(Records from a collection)
□ □ □

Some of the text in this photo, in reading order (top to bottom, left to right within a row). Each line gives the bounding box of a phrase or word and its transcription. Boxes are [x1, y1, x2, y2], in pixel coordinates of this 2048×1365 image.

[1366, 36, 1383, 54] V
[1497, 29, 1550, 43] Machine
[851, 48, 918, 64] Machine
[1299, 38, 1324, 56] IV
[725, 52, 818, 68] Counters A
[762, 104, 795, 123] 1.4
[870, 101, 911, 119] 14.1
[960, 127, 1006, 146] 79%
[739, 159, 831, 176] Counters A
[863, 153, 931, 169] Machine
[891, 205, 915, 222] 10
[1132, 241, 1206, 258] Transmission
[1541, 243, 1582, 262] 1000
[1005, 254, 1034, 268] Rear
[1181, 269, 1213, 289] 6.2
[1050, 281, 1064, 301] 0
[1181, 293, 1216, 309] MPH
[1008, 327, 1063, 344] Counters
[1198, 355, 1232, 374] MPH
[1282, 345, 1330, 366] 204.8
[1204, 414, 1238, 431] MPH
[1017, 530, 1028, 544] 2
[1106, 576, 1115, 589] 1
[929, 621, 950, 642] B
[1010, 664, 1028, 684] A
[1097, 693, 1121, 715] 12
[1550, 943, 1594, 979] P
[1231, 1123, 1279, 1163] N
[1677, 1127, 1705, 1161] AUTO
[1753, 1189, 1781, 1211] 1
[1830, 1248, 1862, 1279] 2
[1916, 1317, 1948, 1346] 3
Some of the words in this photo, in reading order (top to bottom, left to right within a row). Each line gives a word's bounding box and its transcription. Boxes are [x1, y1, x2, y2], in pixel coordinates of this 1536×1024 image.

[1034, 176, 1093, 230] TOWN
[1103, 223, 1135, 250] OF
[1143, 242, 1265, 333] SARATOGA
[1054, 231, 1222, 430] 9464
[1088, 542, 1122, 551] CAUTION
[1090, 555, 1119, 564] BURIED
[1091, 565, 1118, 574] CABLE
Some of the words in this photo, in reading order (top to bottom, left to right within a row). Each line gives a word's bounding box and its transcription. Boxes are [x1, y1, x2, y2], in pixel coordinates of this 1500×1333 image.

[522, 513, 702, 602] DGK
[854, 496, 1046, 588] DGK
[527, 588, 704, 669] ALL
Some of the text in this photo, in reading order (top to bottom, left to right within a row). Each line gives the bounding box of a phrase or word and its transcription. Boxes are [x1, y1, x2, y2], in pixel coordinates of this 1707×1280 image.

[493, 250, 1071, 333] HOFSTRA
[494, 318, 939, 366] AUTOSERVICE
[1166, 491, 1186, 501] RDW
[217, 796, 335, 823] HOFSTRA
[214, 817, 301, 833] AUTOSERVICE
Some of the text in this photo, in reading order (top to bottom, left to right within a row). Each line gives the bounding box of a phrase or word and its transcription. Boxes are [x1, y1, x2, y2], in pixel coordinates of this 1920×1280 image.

□ □ □

▶ **Goal of the exercise**: Transcribe, exactly and completely, all of the entries.

▶ **Response**:
Some of the text in this photo, in reading order (top to bottom, left to right within a row). Each line gives the bounding box of a phrase or word and its transcription. Boxes are [x1, y1, x2, y2], in pixel coordinates of this 2048×1365 image.

[1366, 36, 1383, 54] V
[1497, 29, 1550, 43] Machine
[851, 48, 918, 64] Machine
[1299, 38, 1324, 56] IV
[725, 52, 818, 68] Counters A
[762, 104, 795, 123] 1.4
[870, 101, 911, 119] 14.1
[960, 127, 1006, 146] 79%
[739, 159, 831, 176] Counters A
[863, 153, 931, 169] Machine
[891, 205, 915, 222] 10
[1132, 241, 1206, 258] Transmission
[1541, 243, 1582, 262] 1000
[1005, 254, 1034, 268] Rear
[1181, 269, 1213, 289] 6.2
[1050, 281, 1064, 301] 0
[1181, 293, 1216, 309] MPH
[1008, 327, 1063, 344] Counters
[1198, 355, 1232, 374] MPH
[1282, 345, 1330, 366] 204.8
[1204, 414, 1238, 431] MPH
[1017, 530, 1028, 544] 2
[1106, 576, 1115, 589] 1
[929, 621, 950, 642] B
[1010, 664, 1028, 684] A
[1097, 693, 1121, 715] 12
[1550, 943, 1594, 979] P
[1231, 1123, 1279, 1163] N
[1677, 1127, 1705, 1161] AUTO
[1753, 1189, 1781, 1211] 1
[1830, 1248, 1862, 1279] 2
[1916, 1317, 1948, 1346] 3
Some of the words in this photo, in reading order (top to bottom, left to right within a row). Each line gives a word's bounding box and its transcription. Boxes are [x1, y1, x2, y2], in pixel coordinates of this 1536×1024 image.

[1034, 176, 1093, 230] TOWN
[1103, 223, 1135, 250] OF
[1143, 242, 1265, 333] SARATOGA
[1054, 231, 1222, 430] 9464
[1088, 542, 1122, 551] CAUTION
[1090, 555, 1119, 564] BURIED
[1091, 565, 1118, 574] CABLE
Some of the words in this photo, in reading order (top to bottom, left to right within a row). Each line gives a word's bounding box and its transcription. Boxes are [x1, y1, x2, y2], in pixel coordinates of this 1500×1333 image.

[522, 513, 702, 602] DGK
[854, 496, 1046, 588] DGK
[527, 588, 704, 669] ALL
Some of the text in this photo, in reading order (top to bottom, left to right within a row). Each line gives the bounding box of a phrase or word and its transcription. Boxes are [x1, y1, x2, y2], in pixel coordinates of this 1707×1280 image.

[493, 250, 1071, 333] HOFSTRA
[494, 318, 939, 366] AUTOSERVICE
[1166, 491, 1186, 501] RDW
[217, 796, 335, 823] HOFSTRA
[214, 817, 301, 833] AUTOSERVICE
Some of the text in this photo, in reading order (top to bottom, left to right within a row). Each line gives the bounding box of a phrase or word and its transcription. Boxes are [x1, y1, x2, y2], in pixel coordinates of this 1920×1280 image.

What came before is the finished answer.